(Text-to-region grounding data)
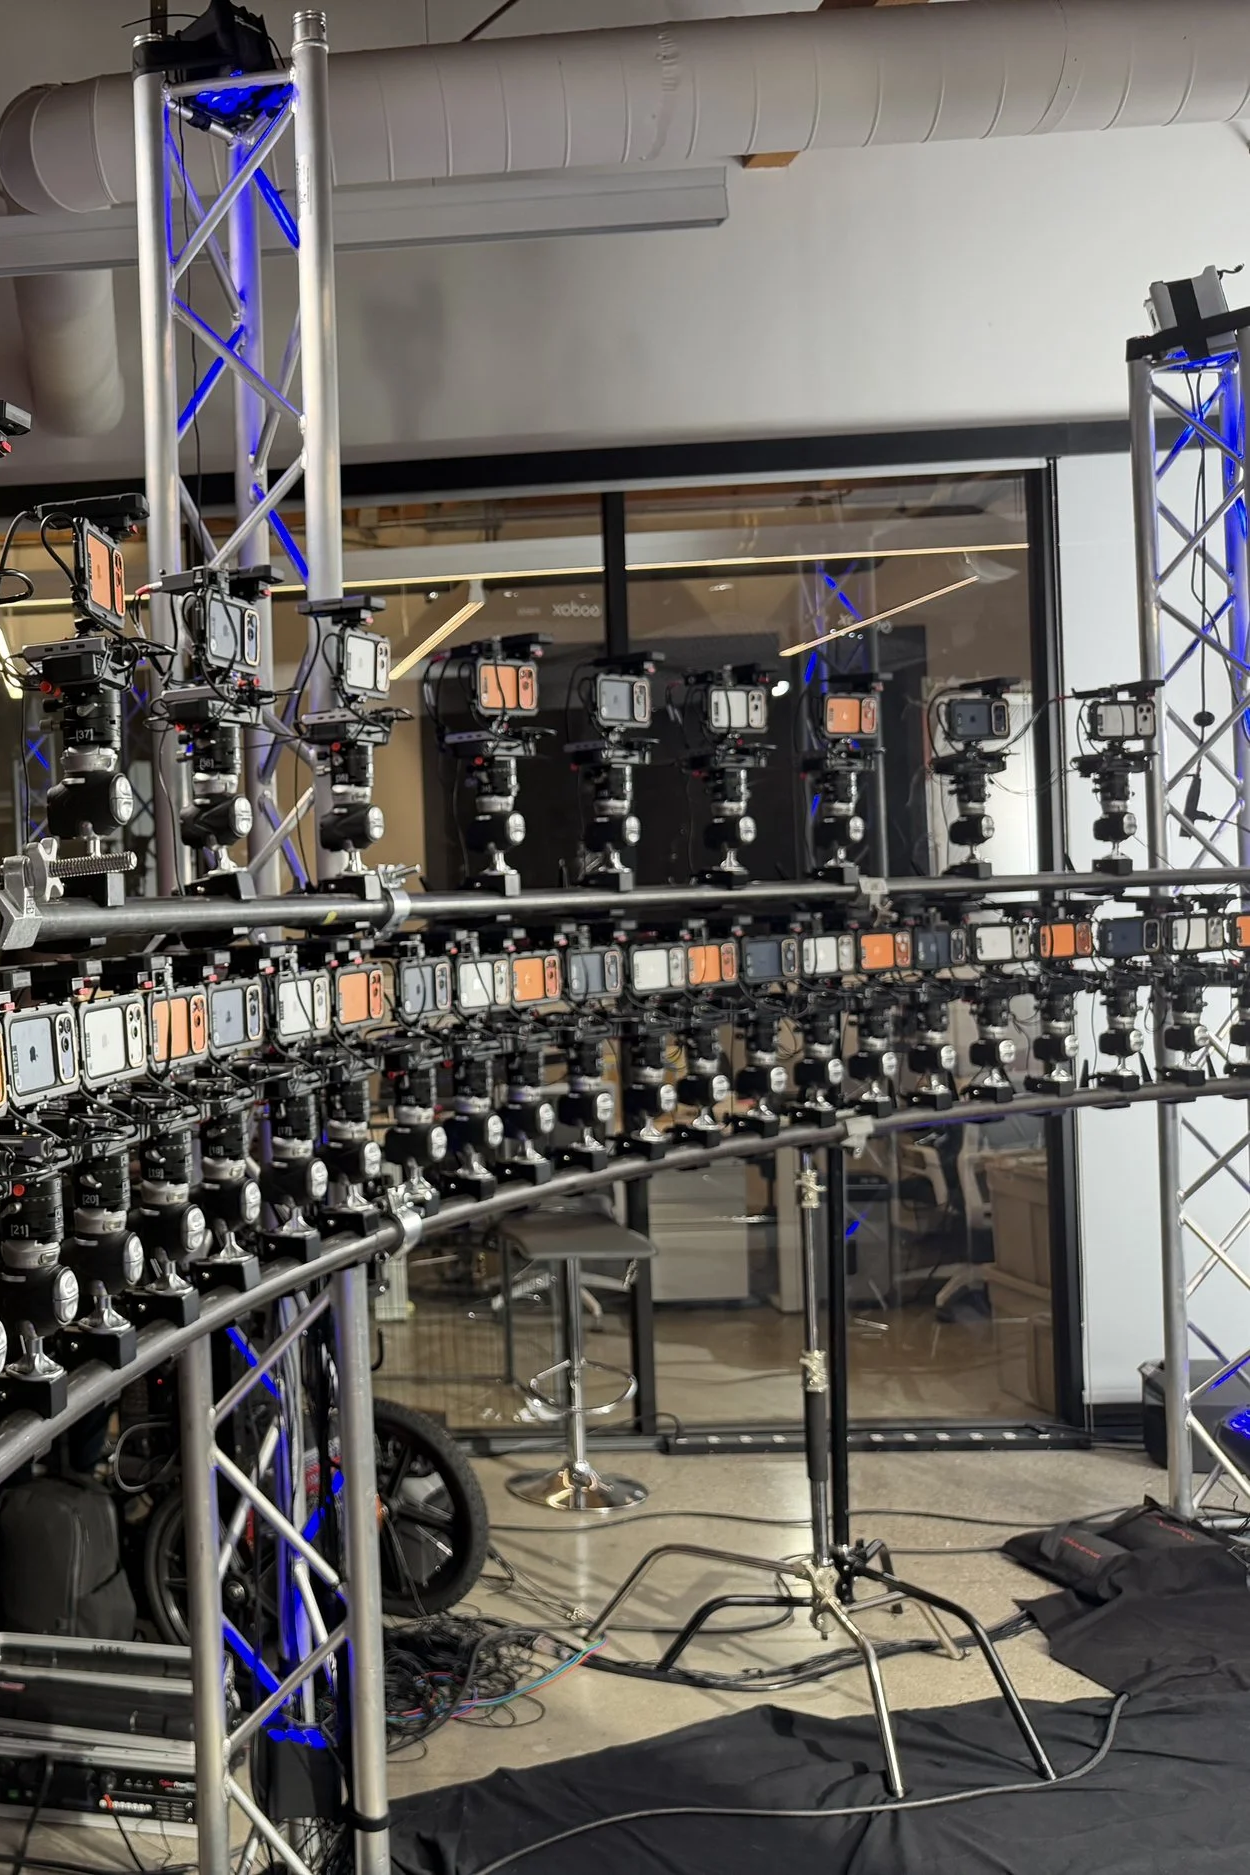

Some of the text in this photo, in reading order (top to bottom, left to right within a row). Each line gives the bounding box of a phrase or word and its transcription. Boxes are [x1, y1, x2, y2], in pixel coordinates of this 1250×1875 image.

[75, 728, 94, 742] [37]
[148, 1168, 164, 1180] [19]
[82, 1193, 100, 1206] [20]
[10, 1224, 29, 1238] [21]
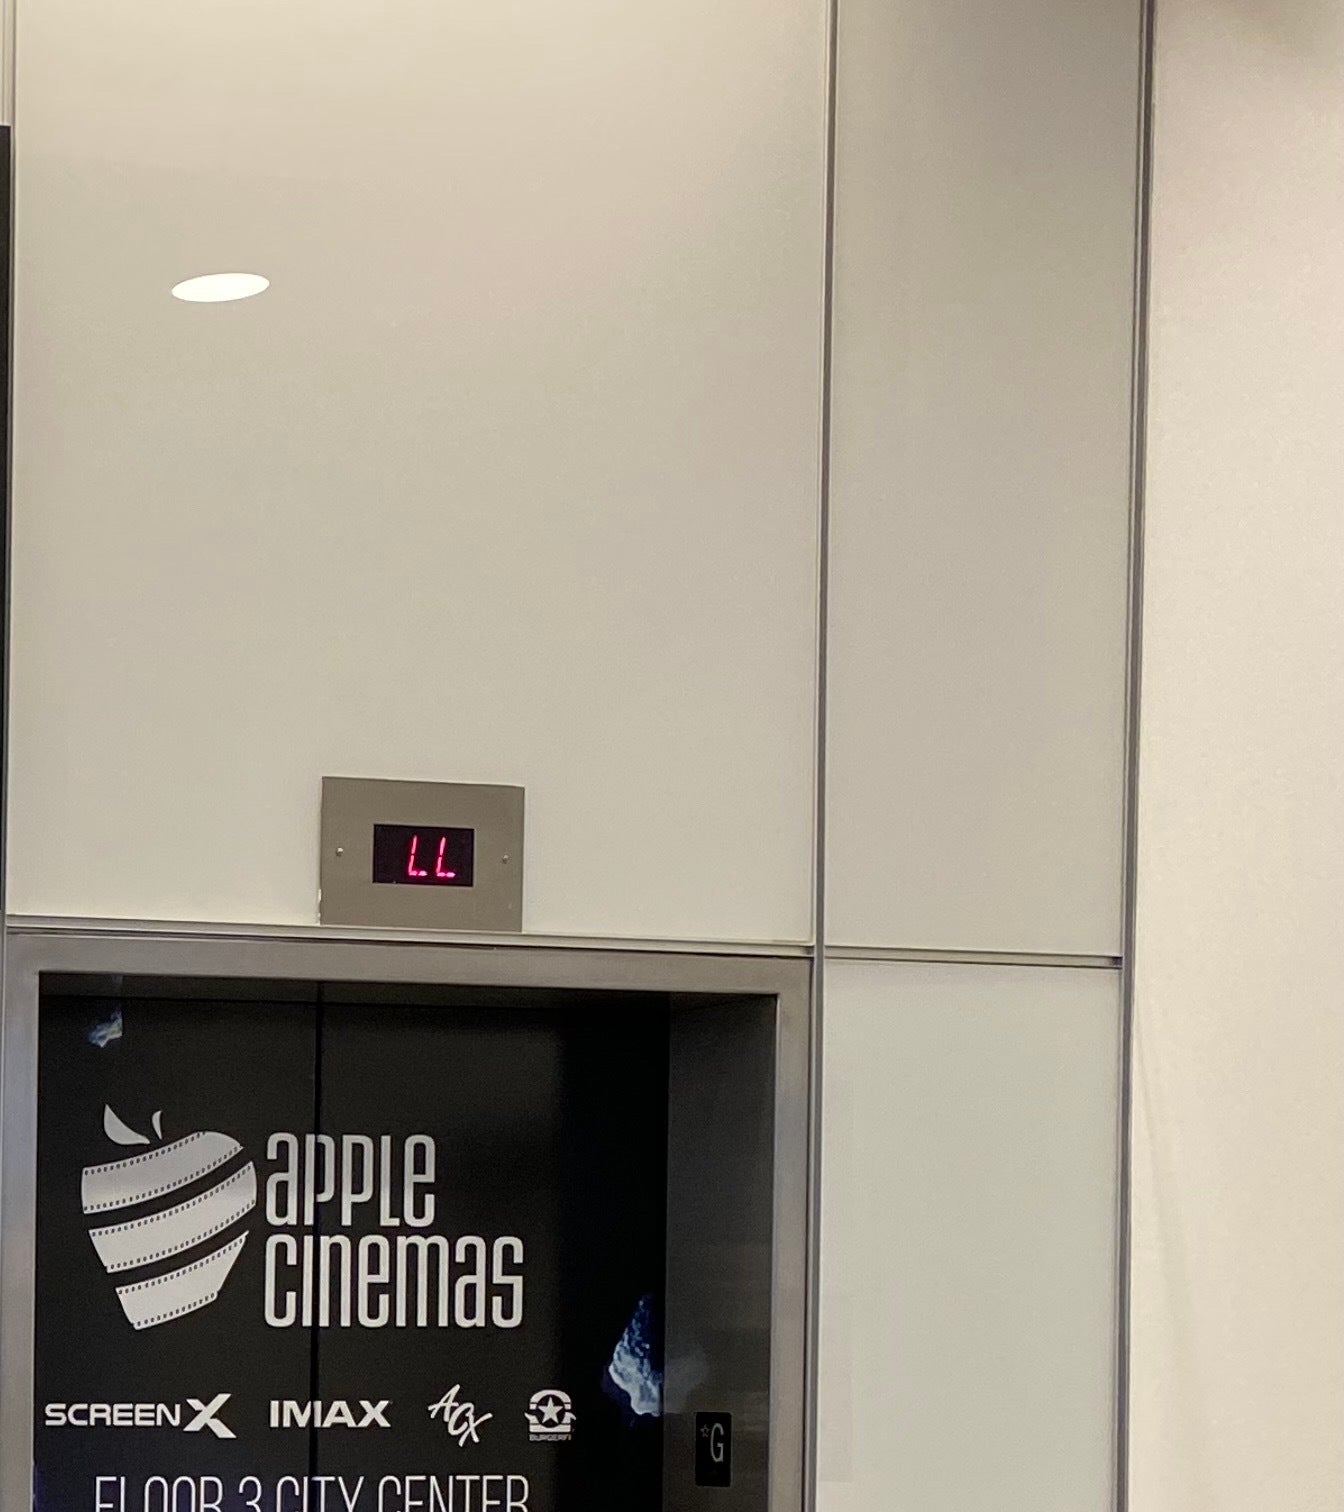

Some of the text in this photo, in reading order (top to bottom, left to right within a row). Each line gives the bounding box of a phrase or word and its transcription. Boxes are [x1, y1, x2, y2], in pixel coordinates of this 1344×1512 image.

* **TASK TO CARRY OUT**: Except for the pictures, copy every line of the records above exactly.

* **PROBLEM SOLUTION**:
Some of the text in this photo, in reading order (top to bottom, left to right within a row). Each line gives the bounding box of a phrase or word and its transcription. Boxes are [x1, y1, x2, y2], in pixel coordinates of this 1250×1875 image.

[75, 728, 94, 742] [37]
[148, 1168, 164, 1180] [19]
[82, 1193, 100, 1206] [20]
[10, 1224, 29, 1238] [21]

Some of the text in this photo, in reading order (top to bottom, left to right within a row). Each line gives the bounding box of a phrase or word and its transcription. Boxes are [x1, y1, x2, y2], in pixel coordinates of this 1344×1512 image.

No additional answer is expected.